Debris is scattered across a destroyed community in the aftermath...

Debris is scattered across a destroyed community in the aftermath of Hurricane Maria in Toa Alta, Puerto Rico, on Sept. 28, 2017. Credit: AP

On the tallest peak off the town of Humacao, the neighborhood of Mariana has gathered on a recent Saturday afternoon. They are here, as they have been every day for the last two-and-a-half months, to trade labor — cook in the communal kitchen or pump clean water from a donated Planet Water filtration tower — for basic needs.

They call their piece of heaven “Proyecto de Apoyo Mutuo” (Mutual Support Project), and it has helped them build a town within the town, ease their pain and survive the devastation Hurricane Maria inflicted on Puerto Rico and the 3.5 million American citizens who lived there on the eve of the storm.

The eastern coast town of Humacao was hit first when Hurricane Maria made landfall on Sept. 20, and residents still wake up to their new normal: no electricity or water. The town may look like a battlefield but residents are amplifying outside relief efforts and donations to rebuild through community organizing. No one in Mariana is waiting to be saved and they are not alone. All around Puerto Rico, there are similar scenes of families, neighborhoods and businesses refusing to give up by rolling up their sleeves together.

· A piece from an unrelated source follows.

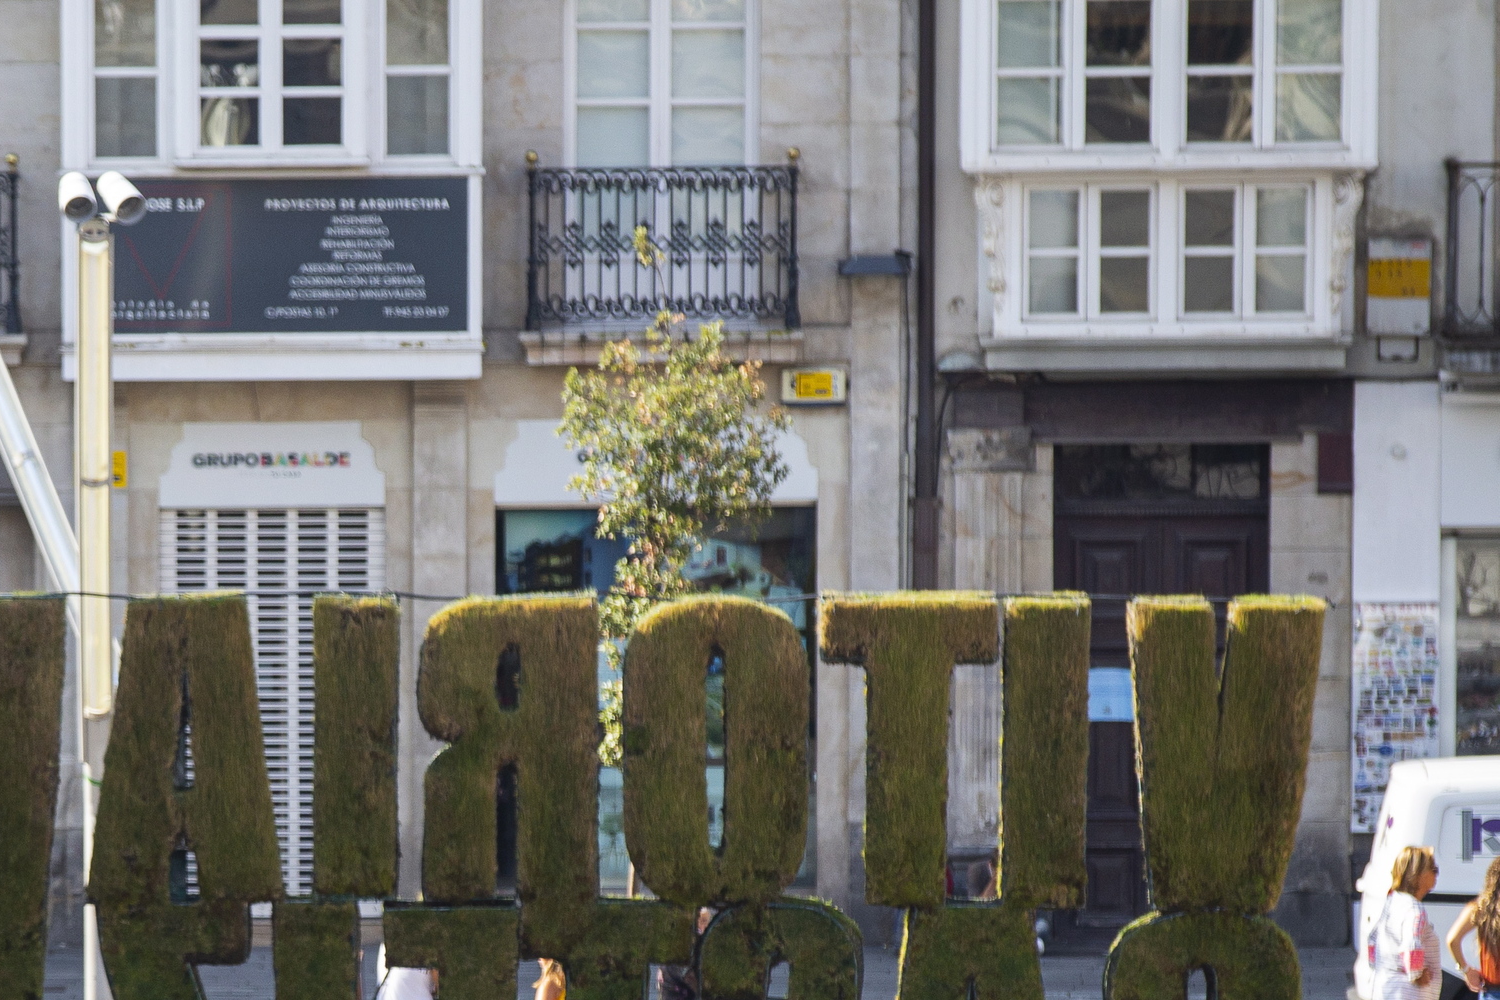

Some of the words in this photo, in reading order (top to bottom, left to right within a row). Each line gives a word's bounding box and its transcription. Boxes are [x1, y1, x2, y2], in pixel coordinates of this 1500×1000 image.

As a Puerto Rican living in South Florida, what I saw in Mariana gives me hope and makes me believe that Puerto Rico can emerge stronger. But having spent more than a decade in public policy, I also know the deck is stacked against Puerto Rico and we are running out of time.

Since the hurricane, Congress approved $4.9 billion in loans to a government already more than $70 billion in debt just to avoid an operations shutdown. Last week, the House released a bill that proposes $81 billion in emergency relief aid that would cover the disasters in Puerto Rico, Texas, Florida and the U.S. Virgin Islands.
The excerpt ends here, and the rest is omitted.